電力線にPLCの信号を流すと,電力線から電磁波が漏れ出して,他の無線通信に悪影響を及ぼす。その原因となるのが,コモン・モード電流と呼ばれるものだ。

 PLCの問題点は,2M~30MHzの信号を電力線に流したときに,電力線から電磁波が漏れ出してしまうことである。漏れ出した電磁波が同じ帯域を使う無線通信のノイズになってしまうのだ。でも,電磁波が漏れるといってもいまいちピンとこない。そこで,まずは発生源となる電力線について知っておこう。

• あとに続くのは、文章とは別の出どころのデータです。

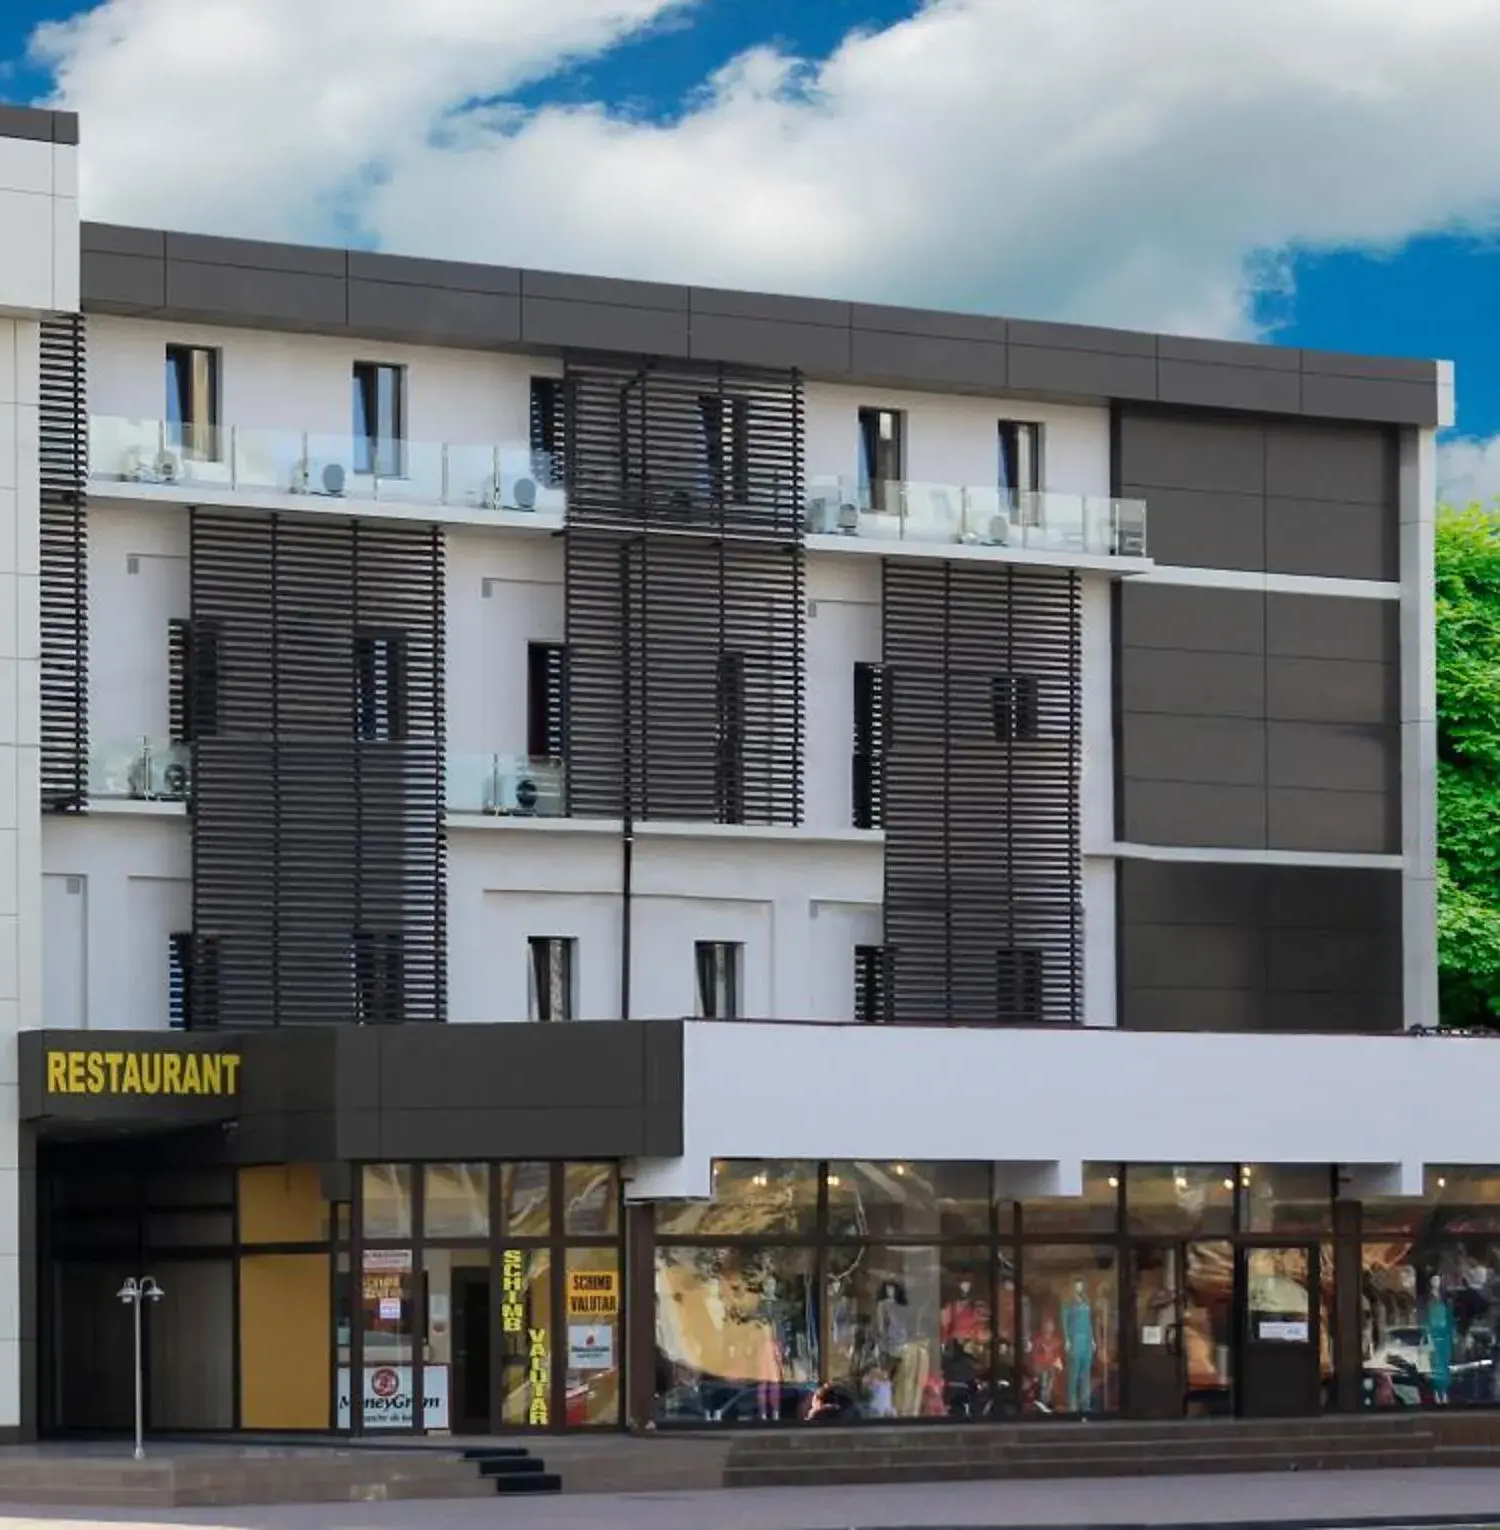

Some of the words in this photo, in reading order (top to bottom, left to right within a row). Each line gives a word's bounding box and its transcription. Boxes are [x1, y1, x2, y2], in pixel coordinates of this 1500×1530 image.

[48, 1052, 241, 1094] RESTAURANT
[573, 1275, 612, 1290] SCHIMB
[570, 1296, 616, 1312] VALUTAR
[502, 1250, 523, 1332] SCHIMB
[528, 1328, 549, 1425] VALUTAR

 一般家庭の実際の電気配線を見てみると,電力線は電柱から家に引き込まれ,家の中の分電盤につながっている(図2-1)。分電盤を見ると,機器や部屋ごとに分岐していていることがわかる。その線の先にはさらに分岐があり,スイッチやコンセント,照明などに延びている*1。家の中の電気配線はまさに分岐だらけなのだ。

図2-1●家庭内の電気配線は分電盤から分岐している
図2-1●家庭内の電気配線は分電盤から分岐している
分電盤から電力線が分岐し,さらにその先でユニット・ケーブルなどを使いスイッチやコンセント,照明に分岐している。多くの家庭には電力線が3本来ており,100Vと200Vの電圧を供給する。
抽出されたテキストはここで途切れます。